Perchè il mio terrazzo è esposto al sole tutto il giorno, e la prima volta che ho messo l'umido in un secchiello, luglio, alla sera era pieno di vermi, mai più. Quindi avendo un frigor enorme e un cassetto dedicato solo a quello, lo congelo appena lo produco e lo tolgo dai piatti e quando lo ritirano lo trovano fresco e profumato!

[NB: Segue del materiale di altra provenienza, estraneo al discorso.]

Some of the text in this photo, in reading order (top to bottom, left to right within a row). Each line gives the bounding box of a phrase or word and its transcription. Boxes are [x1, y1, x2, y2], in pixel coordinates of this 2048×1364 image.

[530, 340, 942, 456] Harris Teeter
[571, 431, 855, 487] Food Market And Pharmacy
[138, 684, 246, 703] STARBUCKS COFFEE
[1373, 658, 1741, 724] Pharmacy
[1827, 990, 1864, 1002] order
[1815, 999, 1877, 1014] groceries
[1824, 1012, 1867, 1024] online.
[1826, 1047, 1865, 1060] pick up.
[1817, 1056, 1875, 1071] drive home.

Per ora da noi si paga in base alla metratura della casa, in Germania ho letto che pagano in base alla quantità/peso, lo facessero da noi immagino i bordi delle strade come sarebbero, già mi bastano quelli sardi fuori stagione, un immondezzaio in certe località, e mai capirò il perchè.


----------



## Brunetta (26 Aprile 2013)

devastata ha detto:


> Perchè il mio terrazzo è esposto al sole tutto il giorno, e la prima volta che ho messo l'umido in un secchiello, luglio, alla sera era pieno di vermi, mai più. Quindi *avendo un frigor enorme e un cassetto dedicato solo a quello, lo congelo appena lo produco e lo tolgo dai piatti* e quando lo ritirano lo trovano fresco e profumato!
> 
> Per ora da noi si paga in base alla metratura della casa, in Germania ho letto che pagano in base alla quantità/peso, lo facessero da noi immagino i bordi delle strade come sarebbero, già mi bastano quelli sardi fuori stagione, un immondezzaio in certe località, e mai capirò il perchè.


Geniale!:up:


----------



## devastata (26 Aprile 2013)

Tebe ha detto:


> Ho dovuto andare di persona dal sindaco e incazzarmi a mina perchè improvvisamente la sabbia dei gatti non si poteva più buttare via nell'indifferenziato.
> 
> Non si poteva più buttare e basta.
> 7



Pure io ho consegnato di persona un estintore in Comune, al mare, perchè secondo loro avrei dovuto riportarlo dove lo avevo acquistato. Significava portarlo a casa in aereo ed il negozio non esisteva più, vai poi a dimostrare dopo 30 anni di averlo comprato da loro. Naturalmente mi hanno guardata male, ma quando ho detto che erano loro a costringermi a gettarlo in un bidone dei rifiuti qualsiasi si sono rassegnati e lo hanno tenuto. In discarica non lo hanno voluto.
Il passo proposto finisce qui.